- [Problem description]
Leave out the pictures and set down the rest of the listing below word for word.
==============================
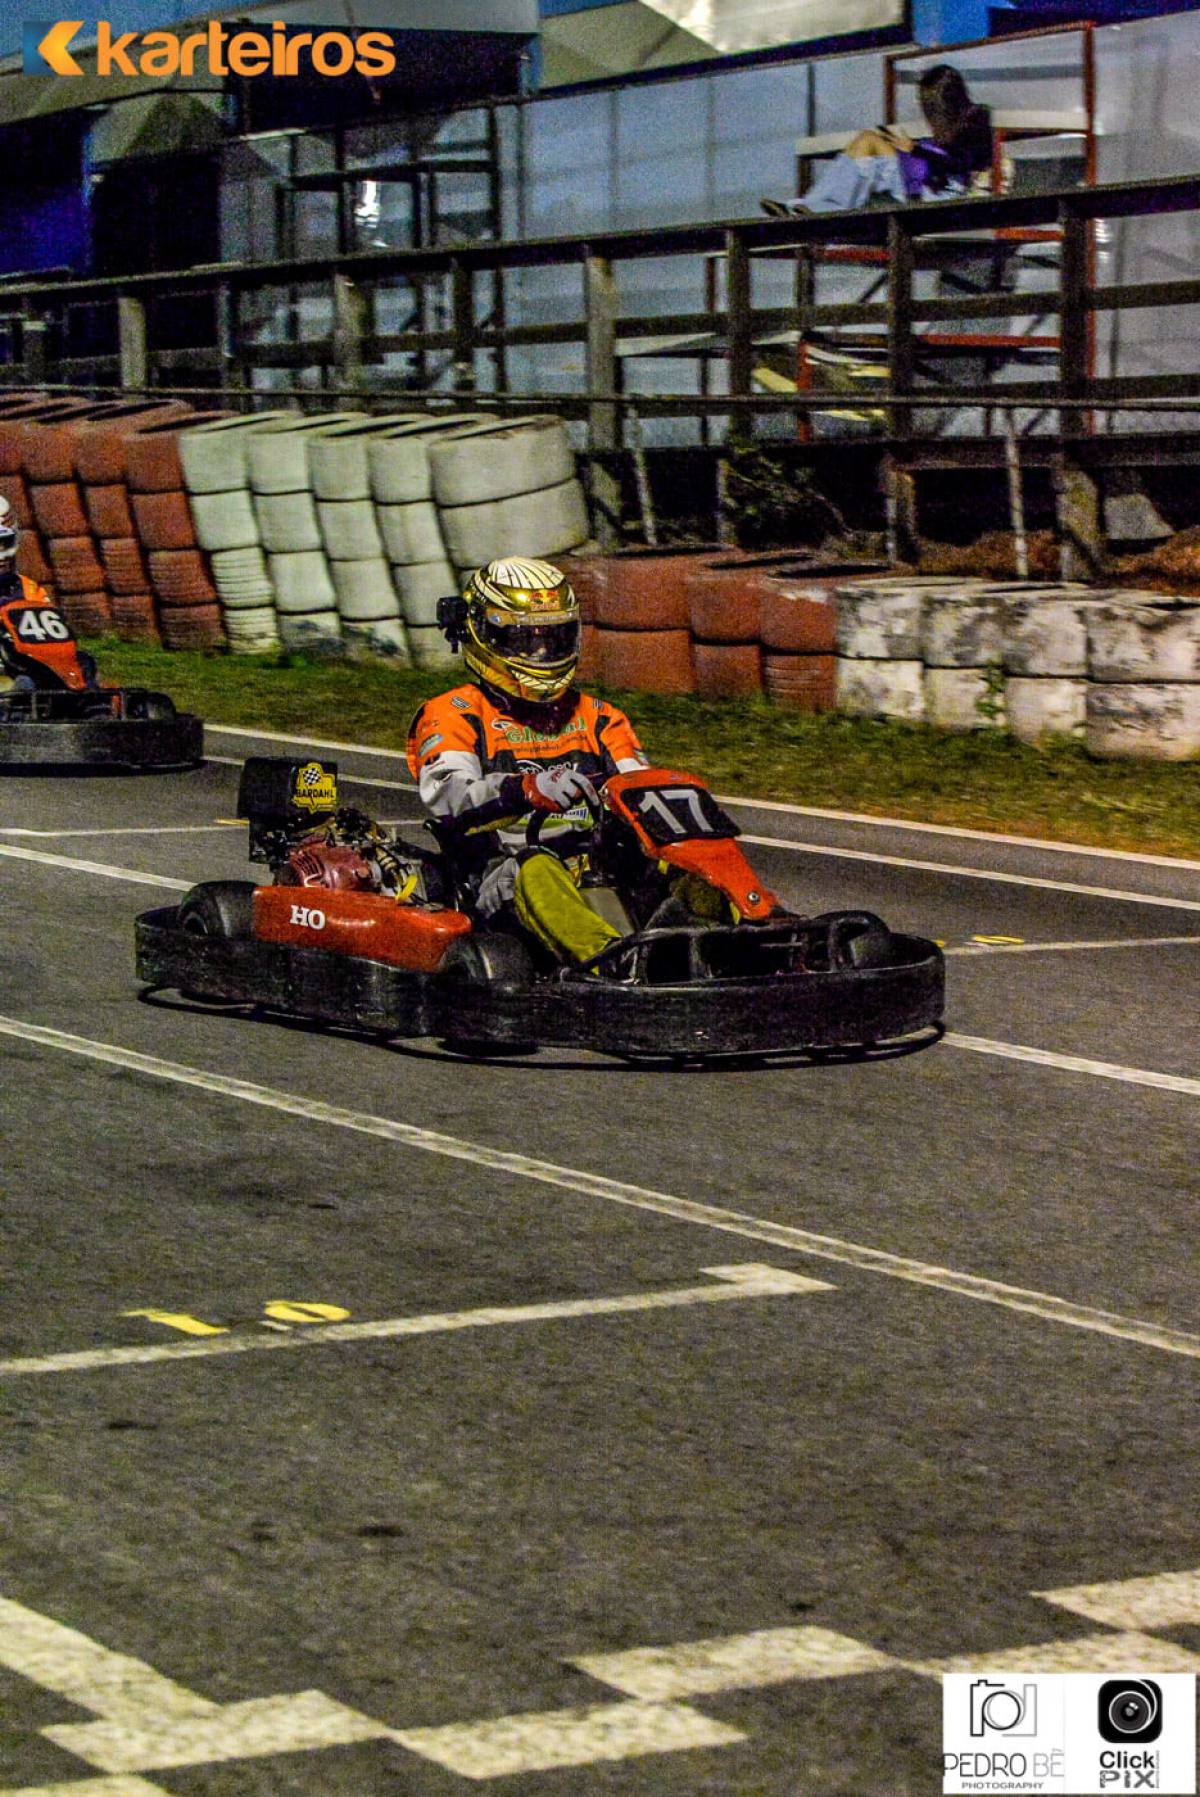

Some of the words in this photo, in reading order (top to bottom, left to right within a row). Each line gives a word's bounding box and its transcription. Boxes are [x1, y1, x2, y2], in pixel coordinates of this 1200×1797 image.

[18, 610, 69, 640] 46
[296, 788, 335, 798] BARDAHL
[638, 788, 714, 835] 17
[289, 904, 326, 930] HO
==============================
- [Response for this exercise]
Some of the words in this photo, in reading order (top to bottom, left to right within a row). Each line gives a word's bounding box and its transcription. Boxes are [x1, y1, x2, y2], in pixel coordinates of this 1200×1797 image.

[18, 610, 69, 640] 46
[296, 788, 335, 798] BARDAHL
[638, 788, 714, 835] 17
[289, 904, 326, 930] HO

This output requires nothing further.